I wander the downtown streets of Hobart, the capital of Tasmania, a city of 195,000, which straddles the River Derwent and continues partway up the sides of the mountains surrounding it. Much of the activity in town centres on the river. Kayakers, sailors and walkers keep busy, while others, less inclined to exercise, relax at outdoor cafés, enjoying the fine morning. Tasmanians are compulsive sailors and have the highest boat ownership per capita in Australia. Hobart, because of its location, hosts many ships and supply vessels for Antarctic settlements 3,000 kilometres south.

While staying in Freycinet National Park, a dramatic peninsula on the east coast fronting Great Oyster Bay on the east and the Tasman Sea on the west, we set off with flashlights at night, looking for Tasmanian critters. It’s called spotlighting. In any other place, we≈#217;d probably be arrested, but as we shone our lights up into trees and thick shrub, a male voice rang out, “Come over here.” Thinking another flashlight person had found something, we rushed over to find a man who opened his car door and pulled out his wrapped-up coat. Setting it on the ground, he pulled the coat away, and two large unblinking eyes stared up into our flashlights. It was a huge frogmouth owl. The man rescued it after it had wandered drunkenly onto the road. As we discuss the options for saving it – left on the ground, it would fall prey to the ferocious Tasmanian devils – something floats by my right shoulder, and our frogmouth owl is gone.
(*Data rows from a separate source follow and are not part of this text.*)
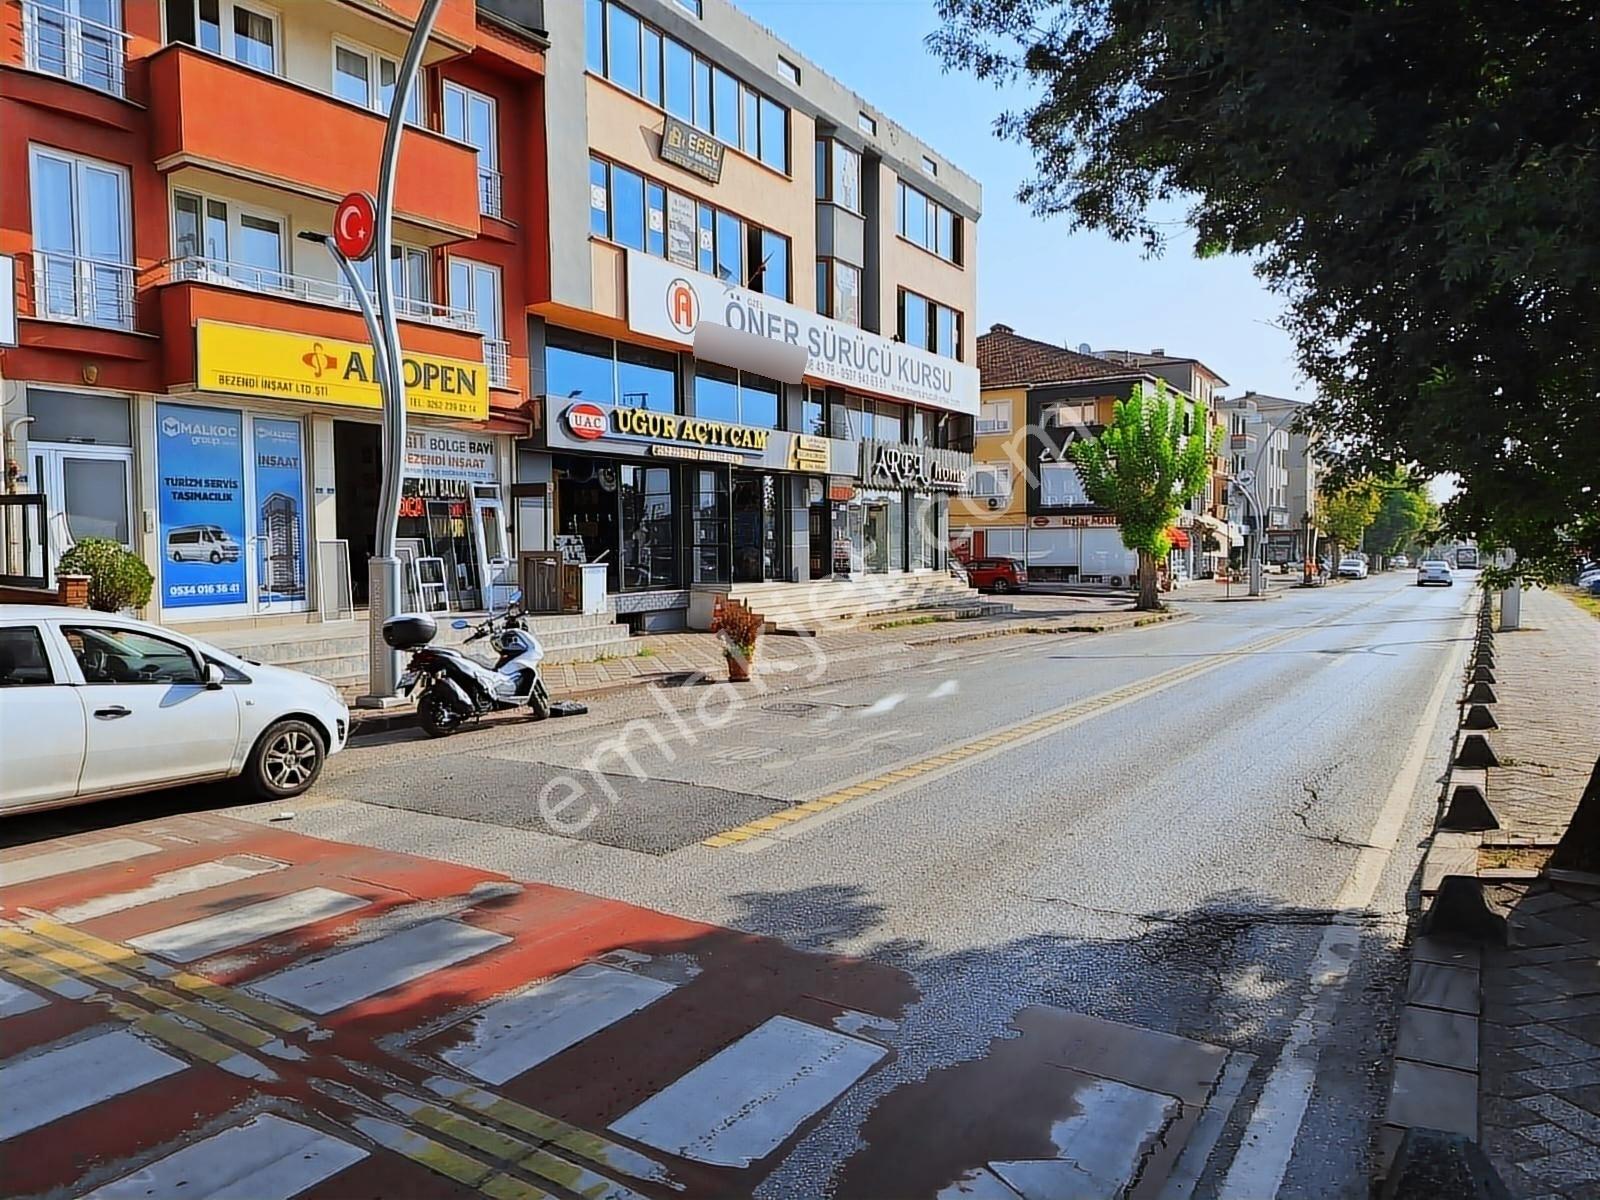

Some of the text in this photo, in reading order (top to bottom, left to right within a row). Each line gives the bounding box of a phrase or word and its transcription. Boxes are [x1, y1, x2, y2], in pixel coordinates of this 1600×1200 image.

[807, 325, 892, 377] SÜRÜCÜ
[898, 354, 953, 393] KURSU
[574, 414, 602, 428] UAC
[617, 409, 677, 438] UĞUR
[680, 419, 727, 445] AÇTI
[934, 461, 967, 481] home
[204, 477, 239, 489] SERVİS
The eerie presence of the past
While Tasmania conjures up images of wild and exotic landscapes, its spooky side is another draw. In Port Arthur, on the southeastern Tasman Peninsula, we stood in the middle of a roofless unsanctified church lit only by three candles and the stars in the black sky. A kookaburra’s haunting call interrupted our tour guide’s ghost story, the bird’s evil chuckle filling the night air and raising the hairs on the backs of our necks.

There are plenty of troubled spirits on the island. A parsonage is said to be the third most haunted building in Australia. As we gathered in the drawing room and our shadows crisscrossed the walls, our guide told us she refuses to visit this home by herself. “This is the only place where the spirit tries to bring harm to visitors,” she tells us. One man who slept here woke up feeling a cold hand across his neck and someone kneeling on his chest. 

Port Arthur was an infamous prison site known as “hell on earth” during the early years of the British colonization of Australia. One of the scarier sites is the separate cells where prisoners were isolated, responsible for keeping their quarters spotlessly clean, reading the Bible and reflecting upon their misdeeds. They exercised singly in walled yards, wore caps with masks to prevent contact with other prisoners and were kept silent. An asylum had to be built next door to contain some of the prisoners who suffered permanent mental insanity as the result of the “model” prison. When an inmate died, his dissected remains were placed in a rough casket and carried to the wharf. There, amid the jeers and curses of the boatmen, the coffin was placed in a boat and conveyed to the Isle of the Dead, a three-minute boat ride from the main prison, where convicts were buried in common graves with up to six bodies in each.